Right now it is harvest time at Lovers Brook Farm, and my handsome husband is bringing in the beans (quite literally) and with that in mind, I decided to give Sweet Bean Brownies a shot. Yes. Really. Bean Brownies. A little more wholesome (less sugar than your average homemade brownie recipe, and no flour.) and lots more nutritious thanks to a plentiful amount of beans which are one of Gods Gifts to mankind, making us strong and sturdy…that’s the Bean Farmer in me talking. Please do not be tricked. Never have I ever harvested a bean.


Unlike my husband and my dazzlingly attractive dog who are both old hands.

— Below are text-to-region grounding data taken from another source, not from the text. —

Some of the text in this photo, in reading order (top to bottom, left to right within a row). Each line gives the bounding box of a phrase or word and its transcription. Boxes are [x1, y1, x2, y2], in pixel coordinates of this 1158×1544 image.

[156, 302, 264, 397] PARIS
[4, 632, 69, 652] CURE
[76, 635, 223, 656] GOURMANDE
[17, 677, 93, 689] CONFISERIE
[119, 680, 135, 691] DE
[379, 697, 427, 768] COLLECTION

I got the recipe for these Bean Treats from a fellow Bean farmer that my husband knows. To begin, I used 15.5 ounces (roughly two cups) of Bhaers Best Boston Beans which are superior to other beans because Nick grows them, but if you are not so lucky to be able to find this variety in your own specialty grocery store, believe you me, a can of black beans will do you just fine.

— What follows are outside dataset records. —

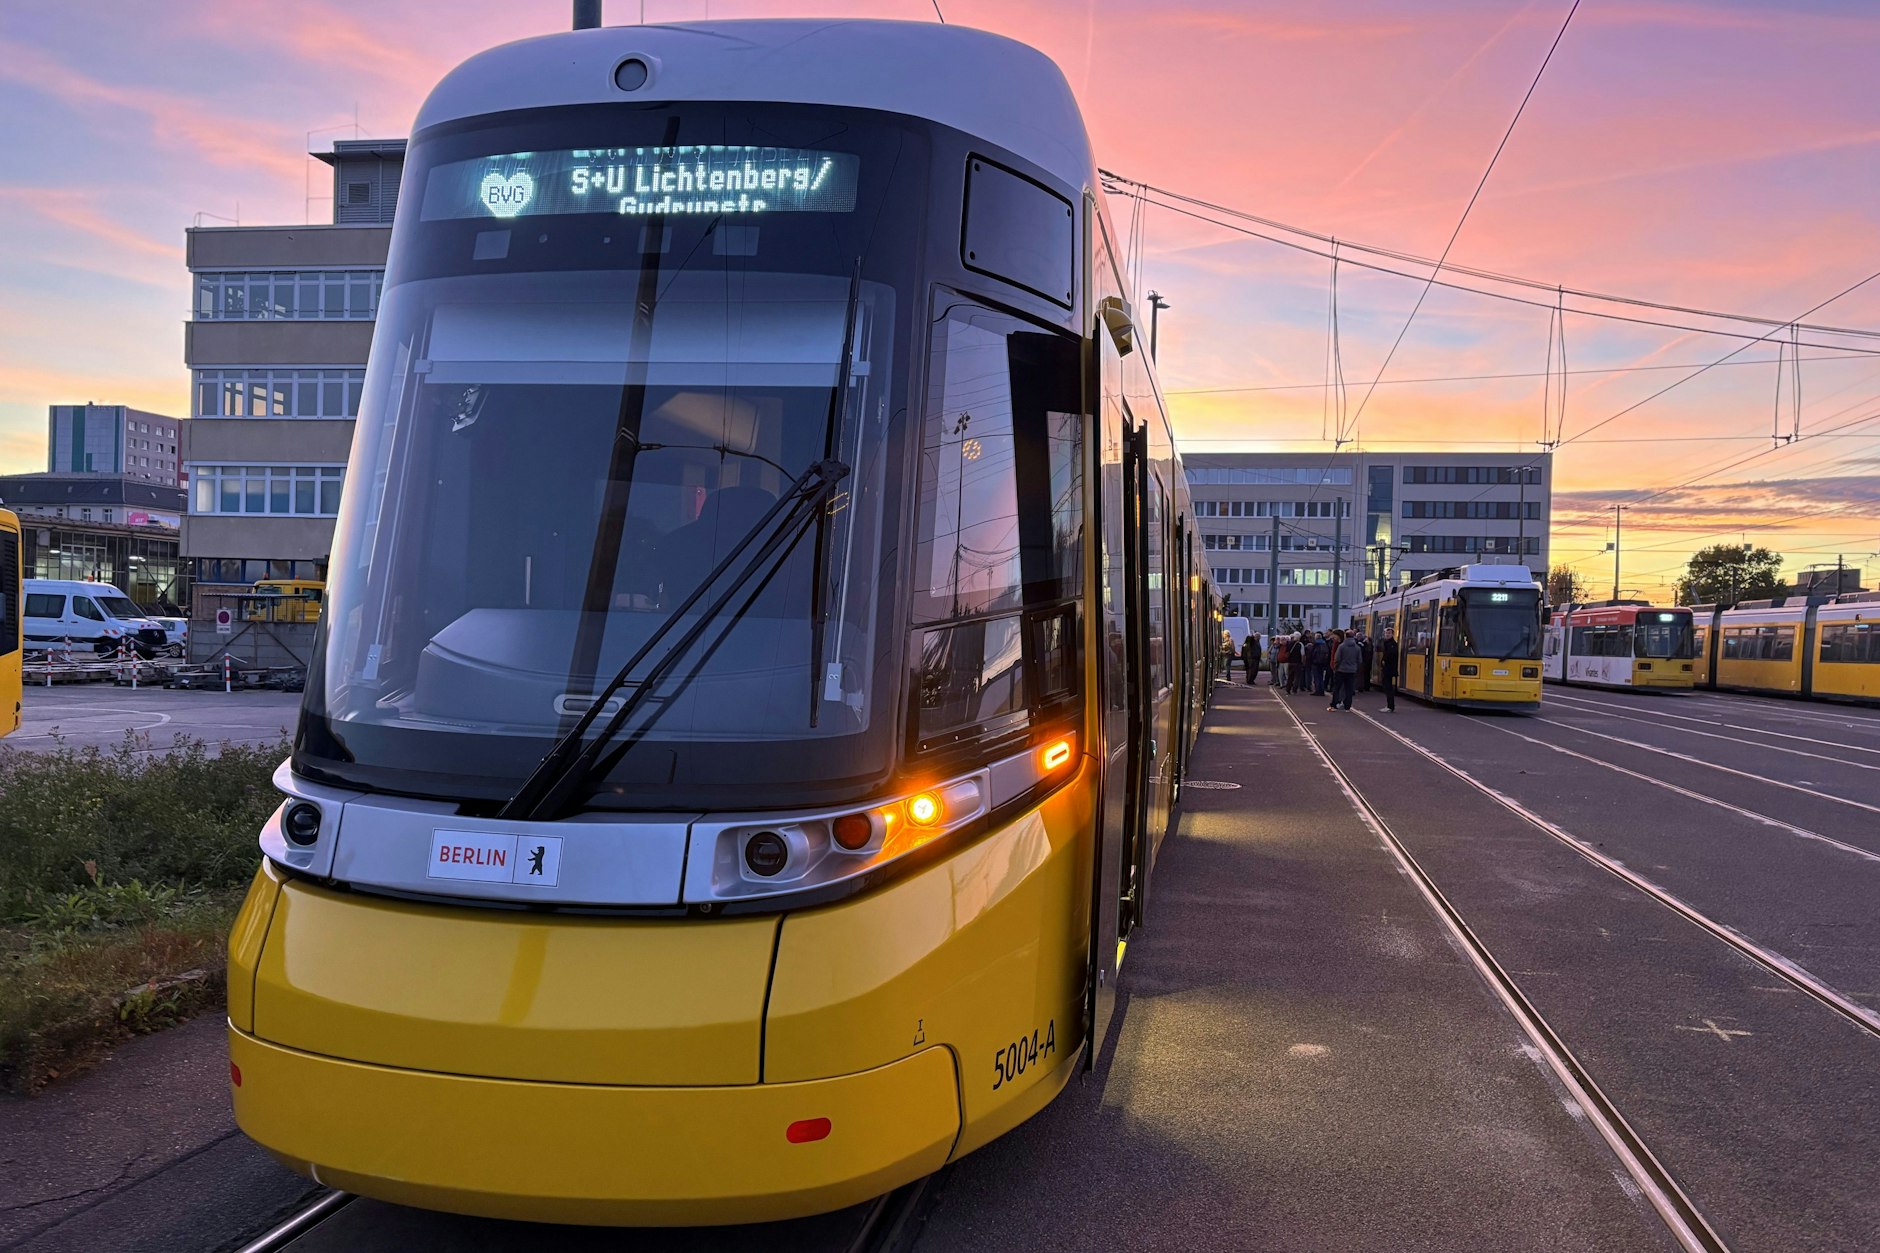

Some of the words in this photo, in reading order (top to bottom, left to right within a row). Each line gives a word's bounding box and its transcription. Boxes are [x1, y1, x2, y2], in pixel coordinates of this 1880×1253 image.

[571, 164, 624, 194] S+U
[635, 158, 832, 193] Lichtenberg/
[488, 185, 525, 204] BVG
[439, 845, 507, 867] BERLIN
[992, 1019, 1056, 1091] 5004-A

First, puree the beans in a food processor or blender until they are very, very smooth. Then, add in a quarter cup of chocolate chips and puree some more until you have a pile of bean paste that will smell disturbingly beaney, but don’t worry.


Put the bean paste in a bowl, and heat your oven to 350. Then, crack in three farm fresh eggs.

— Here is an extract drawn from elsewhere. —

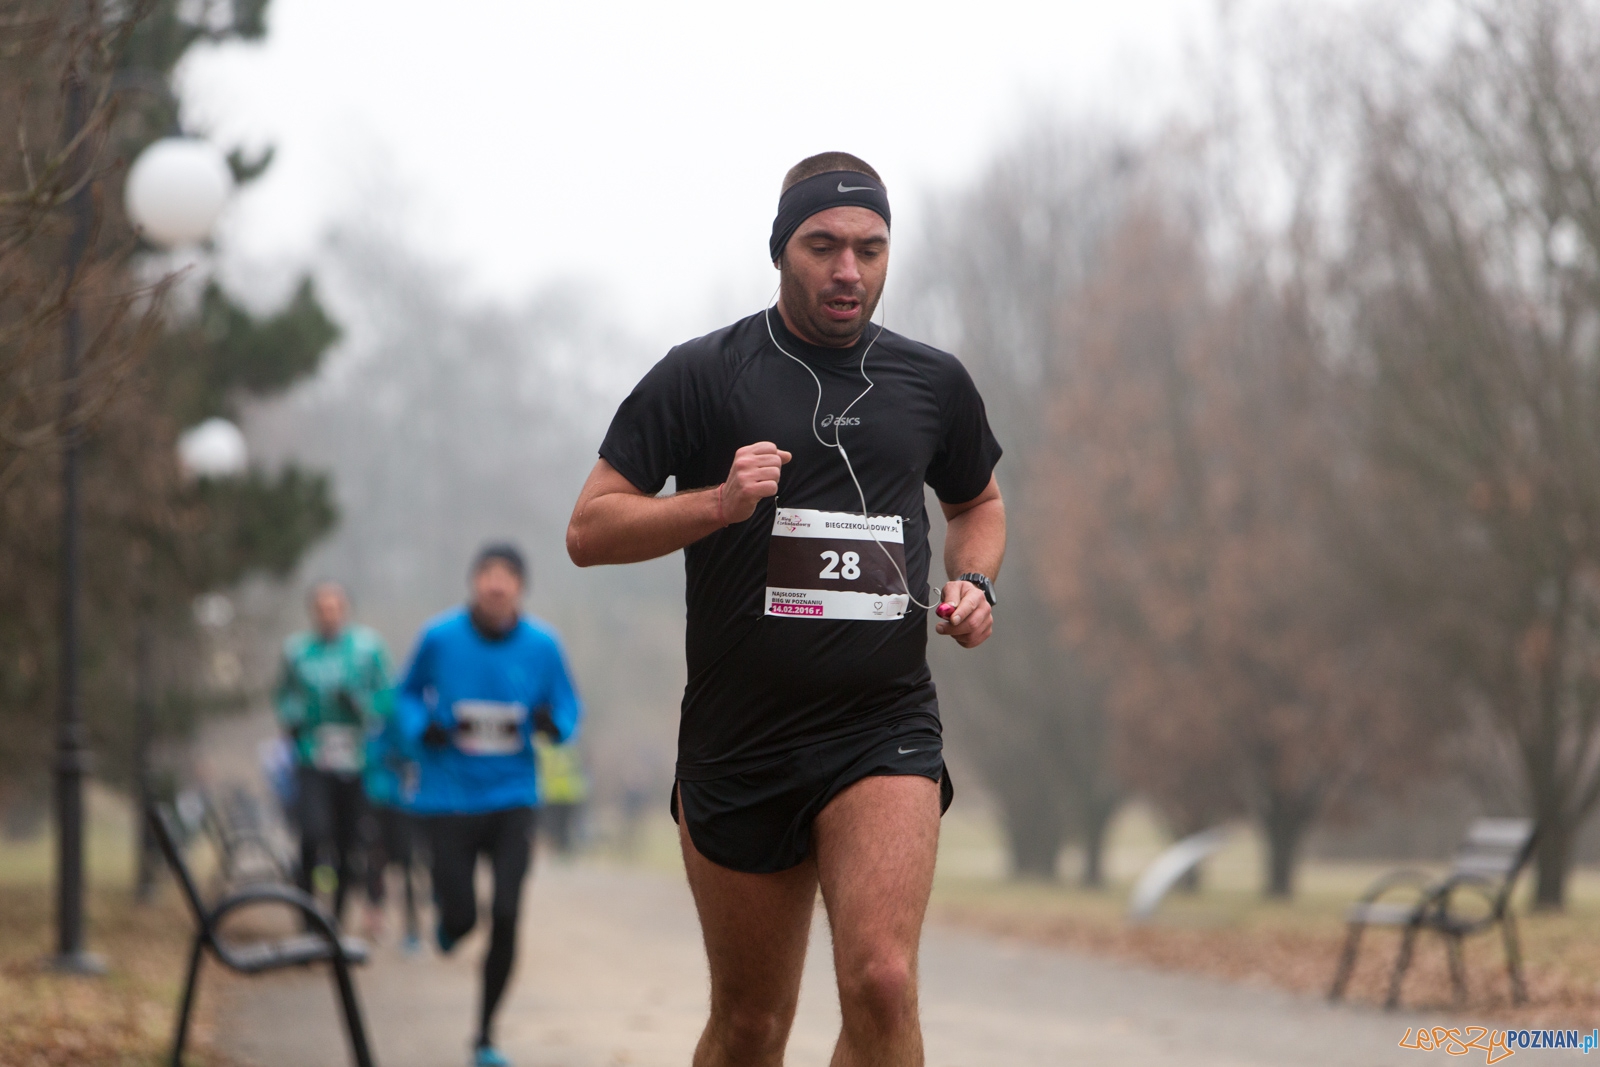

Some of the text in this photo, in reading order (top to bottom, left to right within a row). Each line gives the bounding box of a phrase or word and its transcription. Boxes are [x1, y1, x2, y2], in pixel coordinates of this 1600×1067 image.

[833, 417, 861, 426] asics
[819, 550, 861, 581] 28
[772, 605, 814, 614] 14.02.2016

I like to use Olive oil in my baking which I know is not universally agreed on. But I like the added nuttiness and the added nutrients. But do whatever you like, because regular oil is just fine as long as you add three tablespoons.


Then, add a pinch or two of salt, and four tablespoons of cocoa. I sifted mine in because it gets so clumpy.


Finally, pop in a teaspoon of vanilla, a teaspoon of cinnamon, and a cup of brown sugar. The recipe called for white, but I prefer using brown because it makes things more moist, and dense. And I like it better. 

Right before you pour it into your greased 8X8 pan, stir in another quarter cup of chocolate chips. Or more if you like. I won’t say a word.


Bake it for just thirty minutes, or until it looks dark and cracked on top, and a fork comes out dry in the middle.


Then, enjoy one with a nice cup of coffee or a shot of milk. 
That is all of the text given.